The development team actions on security tasks compiled for each release and the QA team uses the test requirements to validate that the requirements are met before release.

We periodically run Nessus and HP WebInspect against the application (bi-weekly) and the results are reviewed and actioned before the next release.

Our security consulting team, which are independent of the development team to avoid conflict of interest, perform a manual assessment on the product regularly (at least once a year).

The SD Elements application follows the standard three layer segregation model in its architectural design. SD Elements has separate Web service, Application server, and Database layers.

Although all layers reside in the same server/virtual-appliance, all processes and data files are segregated by the underlying operating system control access rule. Each layer’s processes are executed within a different user space and the files are owned and restricted to the same user space. The three layers only communicate through local sockets.

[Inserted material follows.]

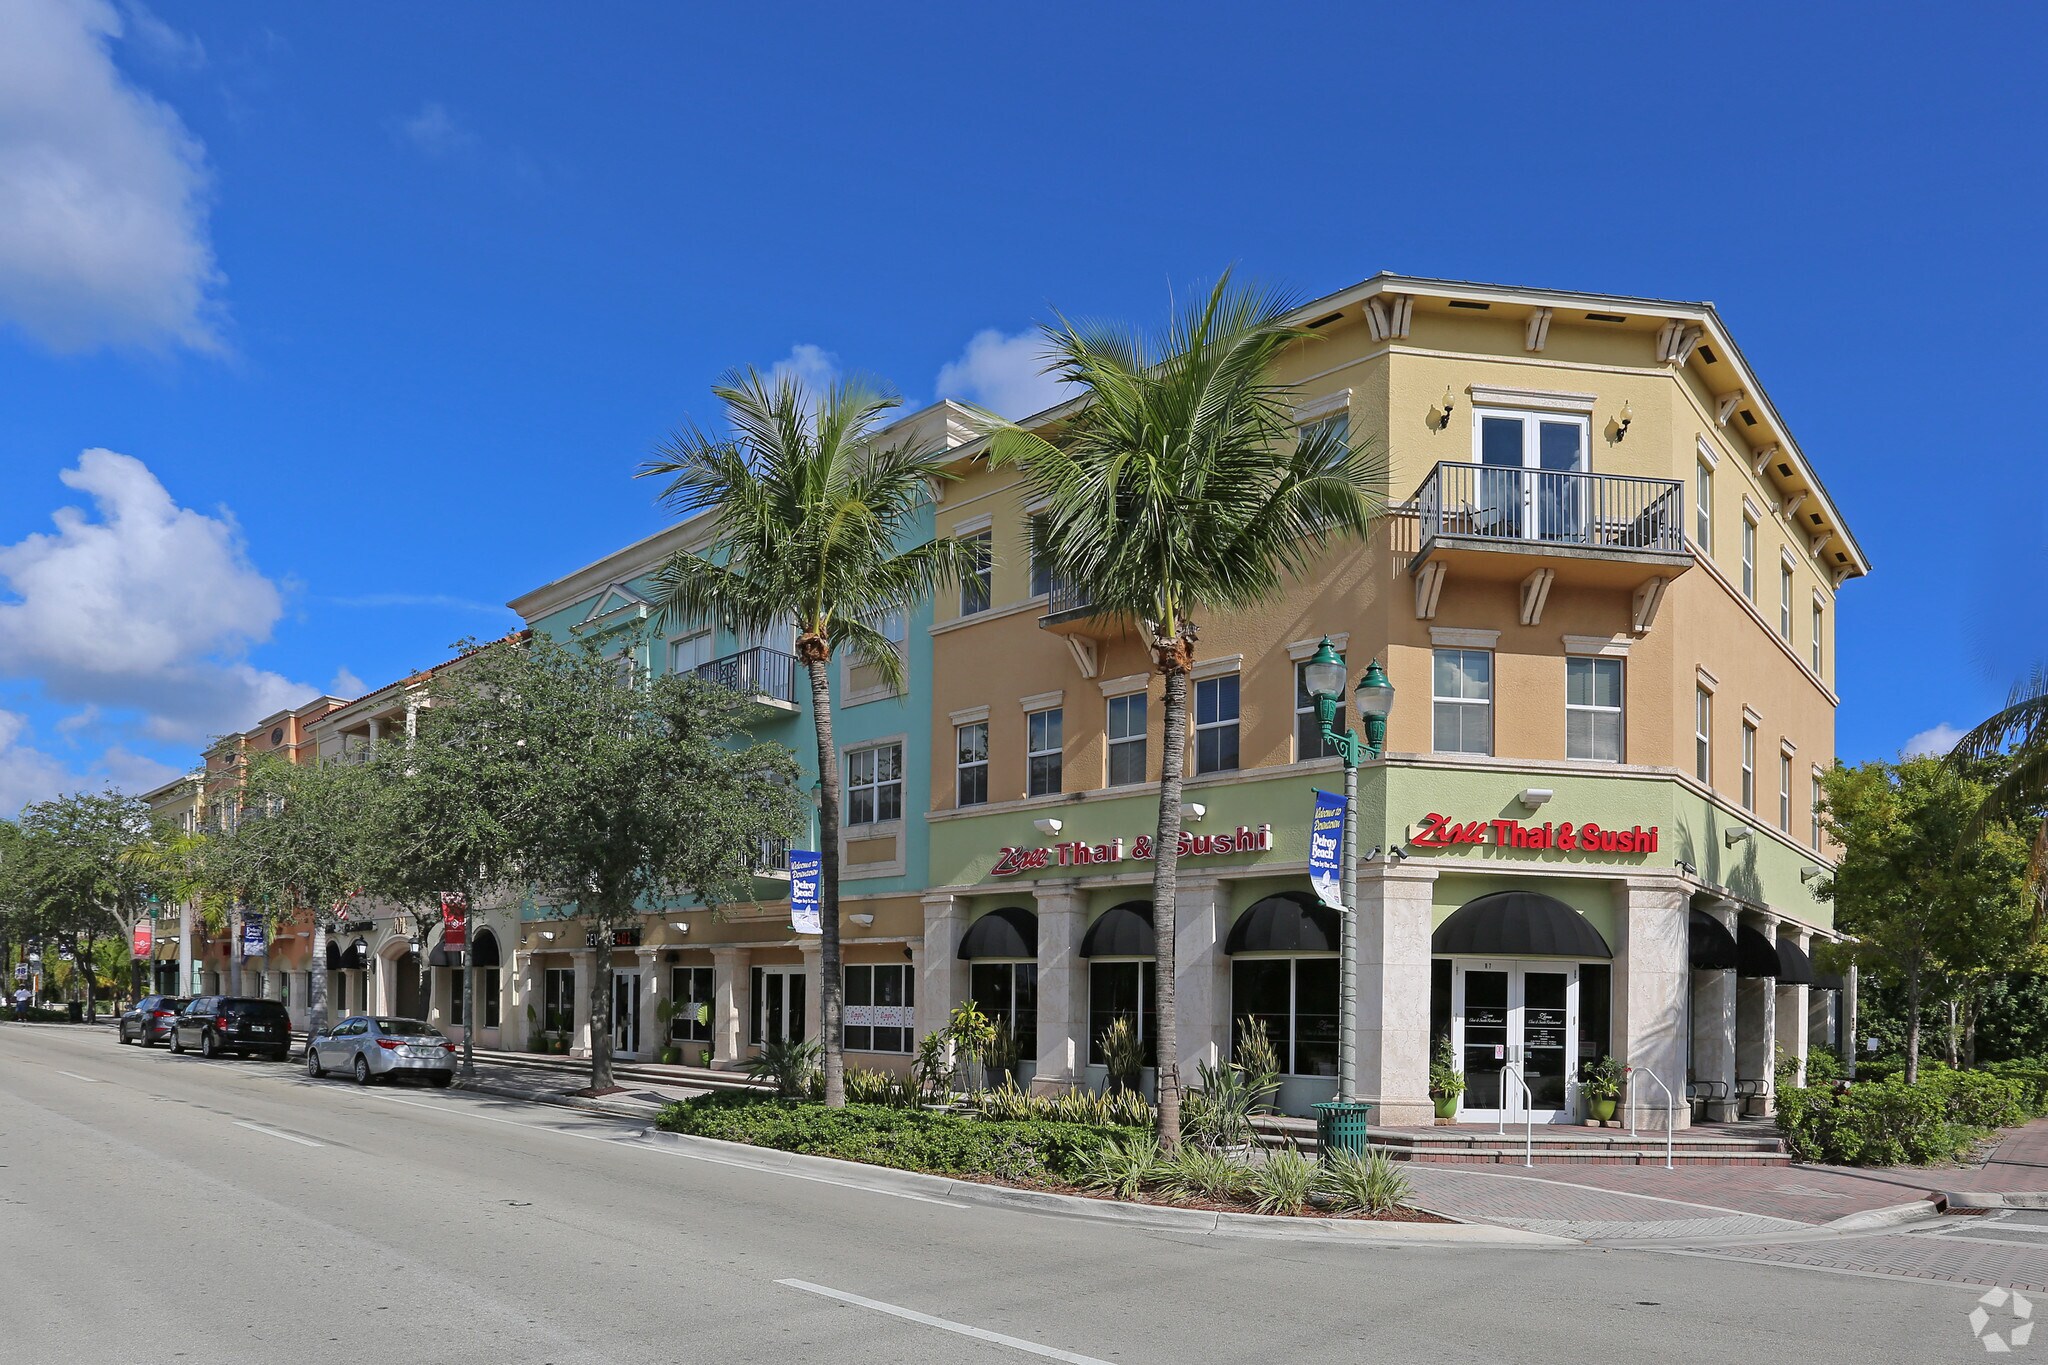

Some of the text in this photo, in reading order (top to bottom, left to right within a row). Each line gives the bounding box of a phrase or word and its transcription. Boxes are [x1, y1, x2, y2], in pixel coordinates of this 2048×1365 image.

SD Elements has a minimal attack surface. It only listens on ports 80/TCP for HTTP, 443/TCP for HTTPS, and 22/TCP for SSH that allows for remote administration.

All unneeded ports (except for the ones listed above) are blocked, and all unneeded services are disabled on SD Elements servers.

All communication with SD Elements is encrypted using HTTPS (TLS) and the HTTP port is used solely to redirect the user to the secure protocol.

All transactions are logged according to industry best practices, such as all requests being logged along with the IP of the requester.

Our SaaS infrastructure is SSAE-16 compliant (replaces SAS-70), which has been audited and certified by Deloitte.

Access to production systems are on a need-to-know basis and restricted to the IT administration and support teams.

SD Elements servers are behind a locked down firewall.

Administrative access to SD Elements servers are restricted both by source IP (limited to IPs owned by SD Elements IT) as well as individual user authentication.

All communication to the SD Elements server goes through an Intrusion Prevention System (IPS), which filters the traffic for known attacks before reaching the application code.

Development teams do not have access to production servers.